Before spending the money for an IntelliJ upgrade I revisited Eclipse for Java and Ruby development and the latest code drop for NetBeans 6 (testing) that has good Ruby and Rails support. In the end, I went with a supported commercial product. BTW, I find it interesting that the three most popular Java IDEs now support both Ruby and Ruby on Rails development - that tells you something about the momentum that Ruby has. I enjoy Ruby so much that I have all but stopped using Python.

Lunch with an opponent from the 1978 US Chess Open

I am not a particularly strong chess player: I started by winning two tournaments (no losses!) in San Diego after I graduated from college, then went to the US Open and had my clock cleaned, and more or less gave up the game except for casual games. (I really prefer Backgammon and Go.) I had the pleasure of having lunch yesterday with one of my opponents from 1978. I was playing a casual game with Marty in 1999 (when we first moved to Sedona) and recognized him as an old competitor.
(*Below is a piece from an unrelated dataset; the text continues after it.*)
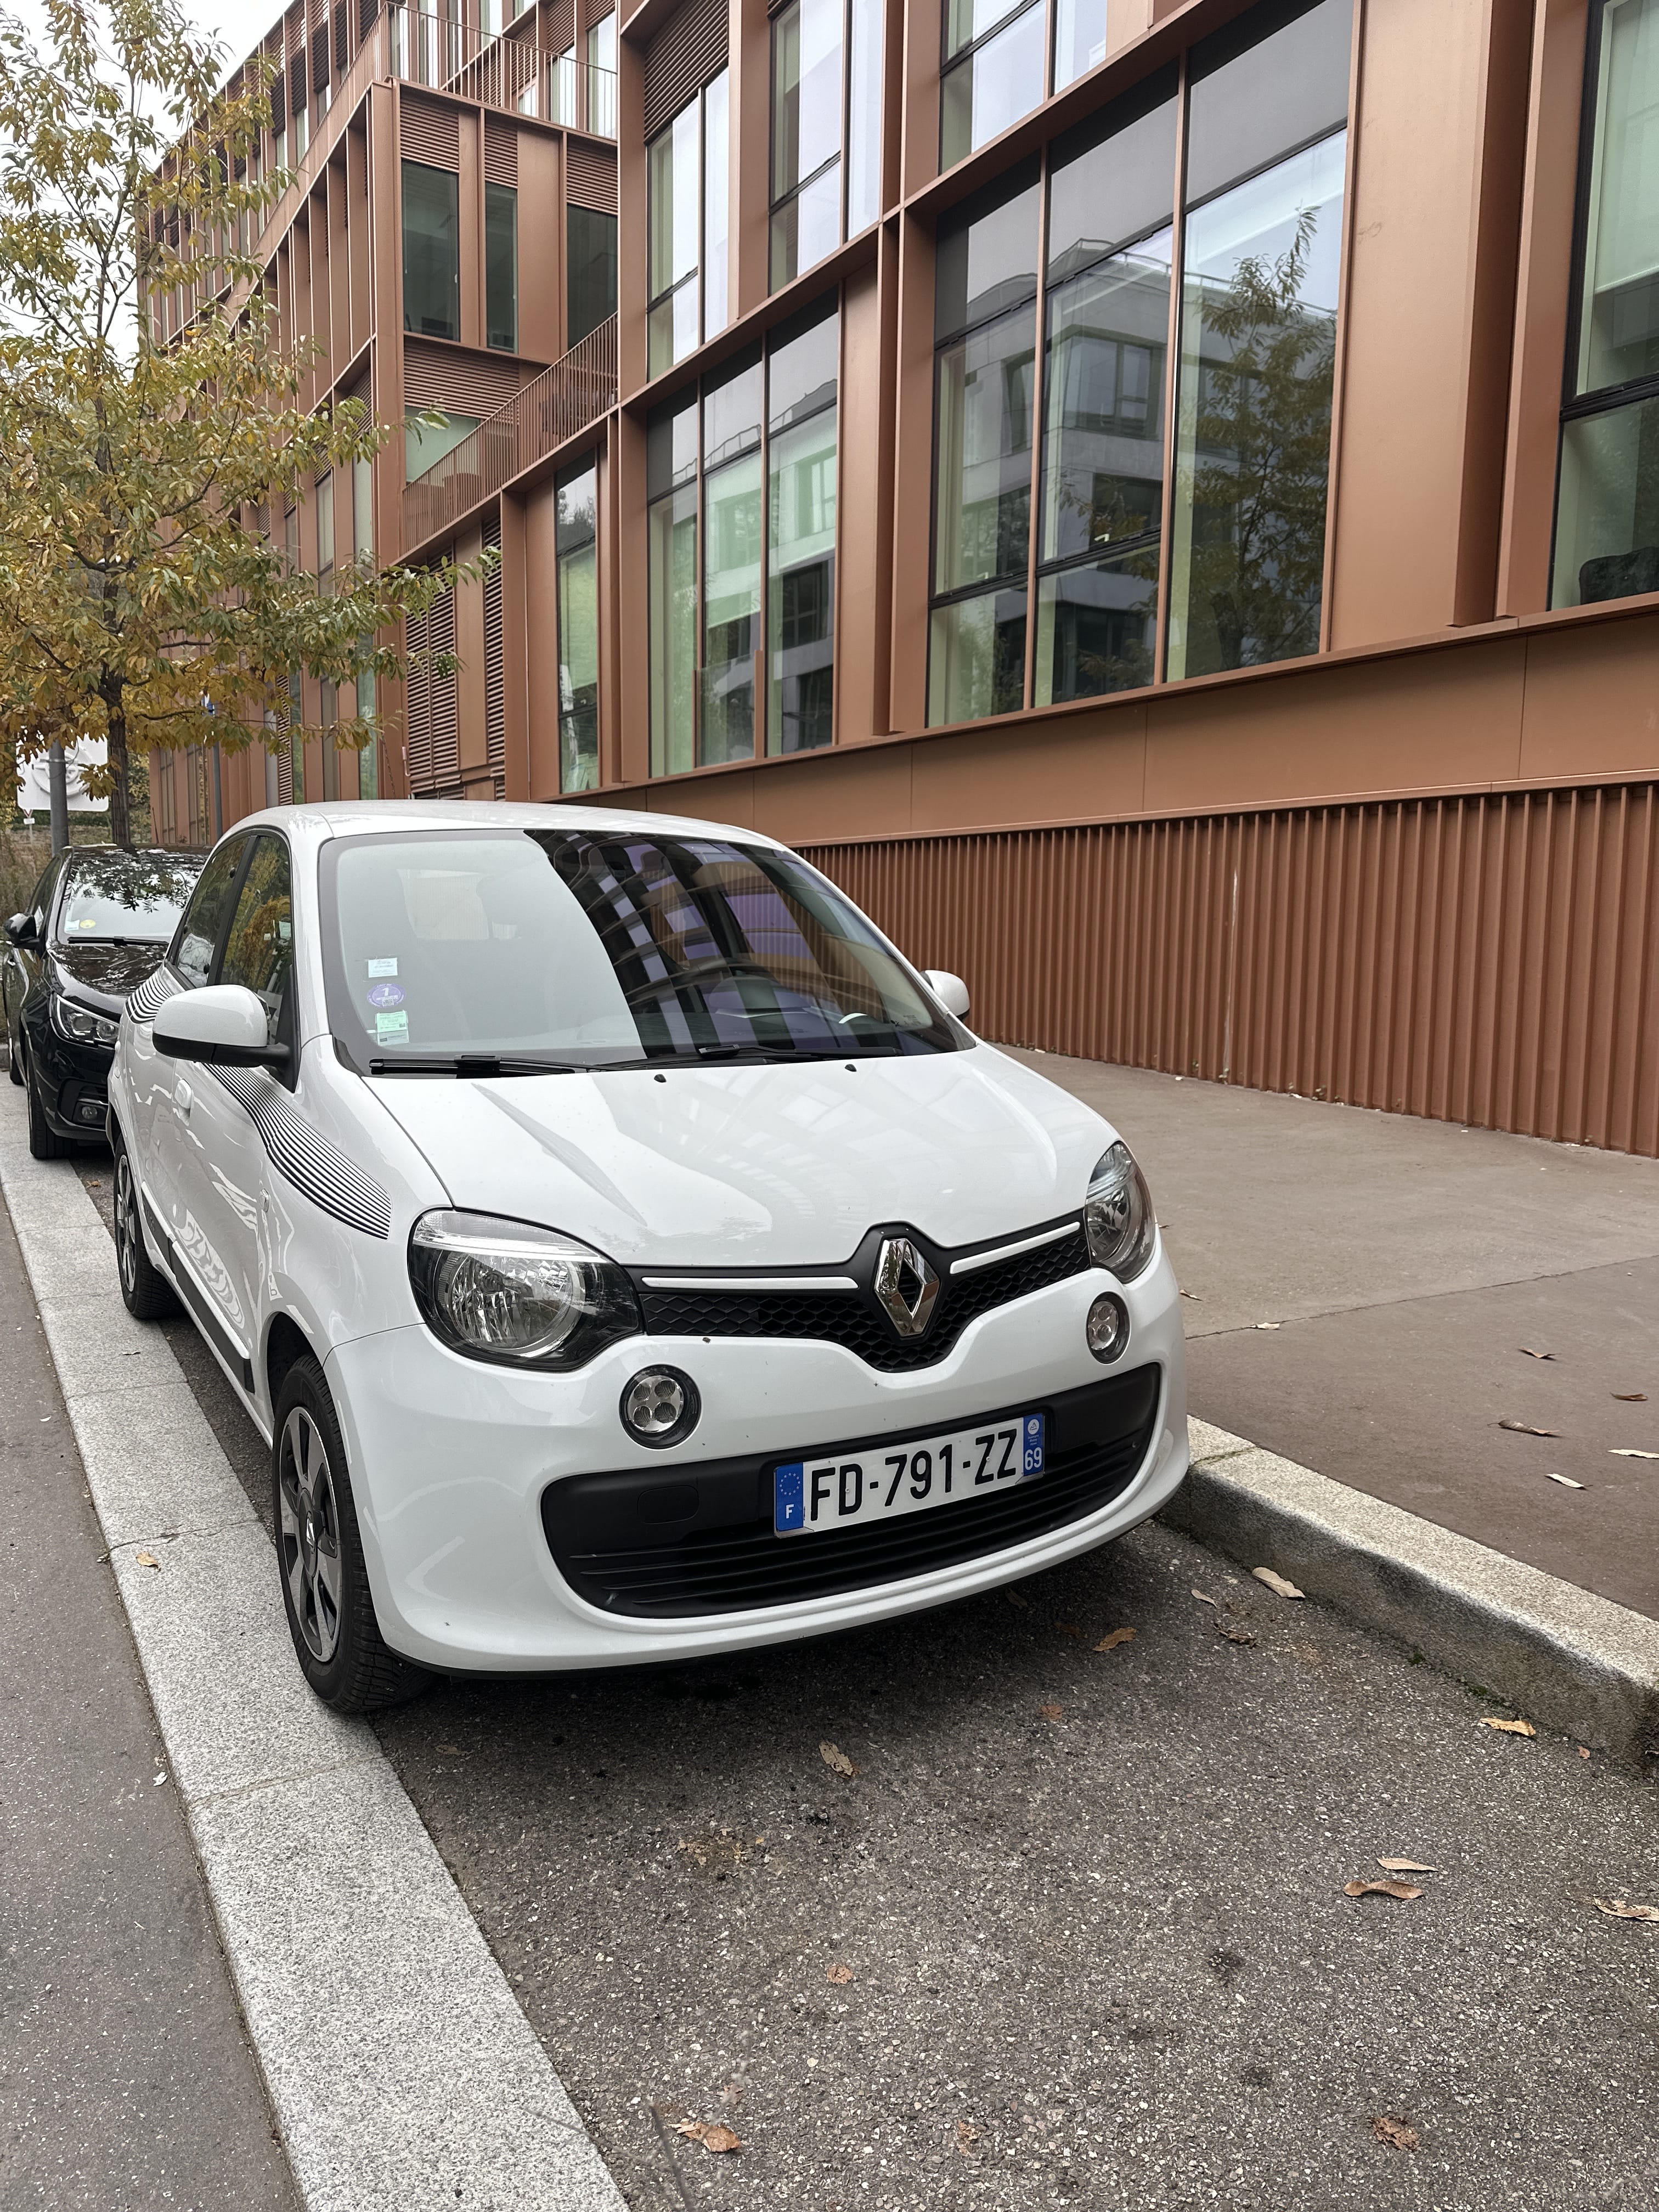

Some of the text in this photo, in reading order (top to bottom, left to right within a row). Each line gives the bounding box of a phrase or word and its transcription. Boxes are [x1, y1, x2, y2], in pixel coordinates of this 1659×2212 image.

[381, 987, 389, 996] 1
[1024, 1447, 1042, 1470] 69
[810, 1428, 1017, 1521] FD-791-ZZ
[786, 1504, 794, 1519] F
It is fun to catch up with old acquaintances.

Sunday, March 04, 2007

Automating the technical writing process

It pays off in the long run to write some custom code and tweak your own working environment. How many programmers spend time writing code to improve other people's productivity but don't invest the time to automate their own work flow? Probably too many.

I have been working fairly hard in my free time on two "free web books" for my main we site. In the past I have simply created PDF files and made them available for my site. Although I write my "free web books" using a Creative Commons license, I decided that I wanted to make at least a small revenue stream so that I can spend more time on these projects. My plan has been to have all of my web books readable for free online with a small Google Adsense advertisement at the beginning of each chapter and offer through lulu.com the ability to buy PDFs with no advertising for a few dollars or get a printed book for about $12.
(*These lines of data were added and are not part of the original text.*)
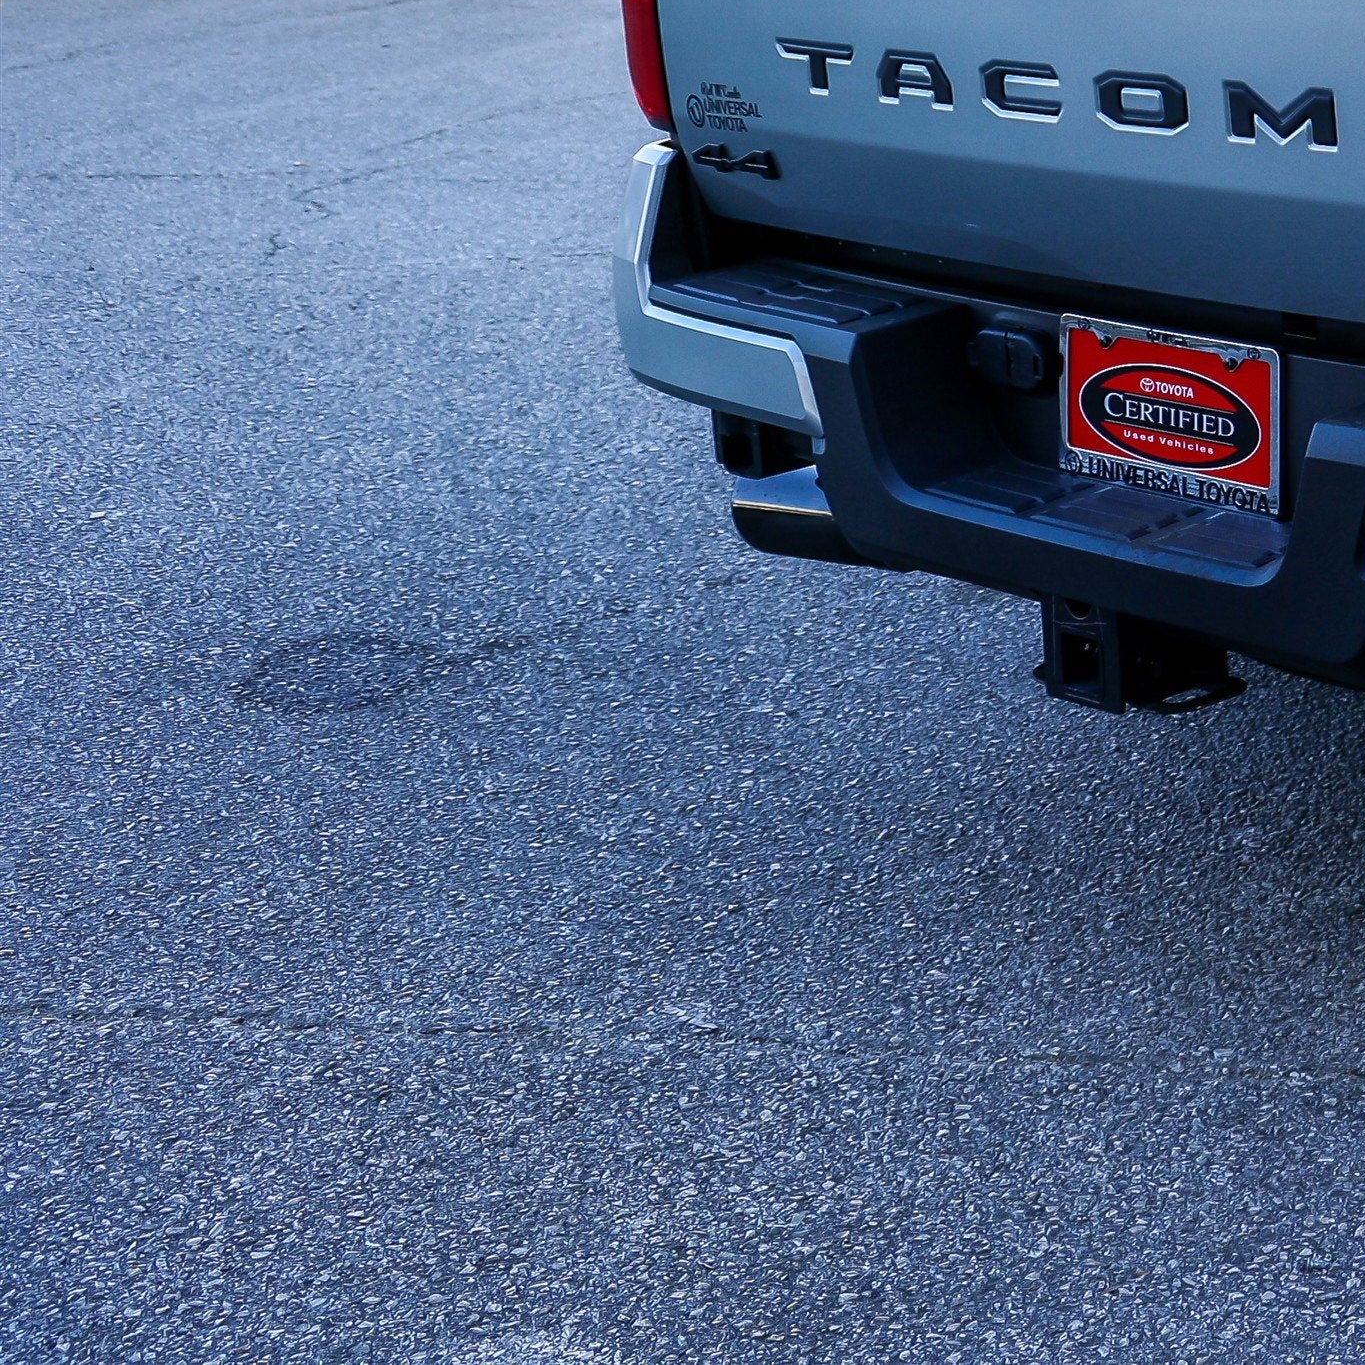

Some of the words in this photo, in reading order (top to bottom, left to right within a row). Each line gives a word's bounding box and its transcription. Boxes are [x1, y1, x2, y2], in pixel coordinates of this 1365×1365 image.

[703, 97, 763, 119] UNIVERSAL
[706, 114, 748, 133] TOYOTA
[1155, 380, 1195, 399] TOYOTA
[1122, 429, 1154, 443] Used
[1159, 436, 1215, 455] Vehicles
[1087, 454, 1193, 497] UNIVERSAL
[1195, 477, 1270, 514] TOYOTA
I would prefer spending my time writing rather than preparing HTML, PDF, and printer ready PDF. I think that I now have this process automated about as fully as I can, using custom Ruby code, shell scripting, and a "do everything" Makefile. I had experimented with using OpenOffice.org and writing some utilities to modify the generated HTML. I also experimented with the very cool SiSU system.

In the end, I went back to automating my writing setup using Latex, htlatex, pdflatex, custom Ruby code and shell scripts, and the OS X Latex editor TexShop. It feels good to get things working "just right".

Saturday, March 03, 2007

Source code for FastTag released - free for non-commercial use

I have started to release my commercial products with a free for non-commercial license, with source code. I repackaged the FastTag part of speech tagger this morning and it is now available. A separate version of FastTag uses the MEDPOST medical term lexicon.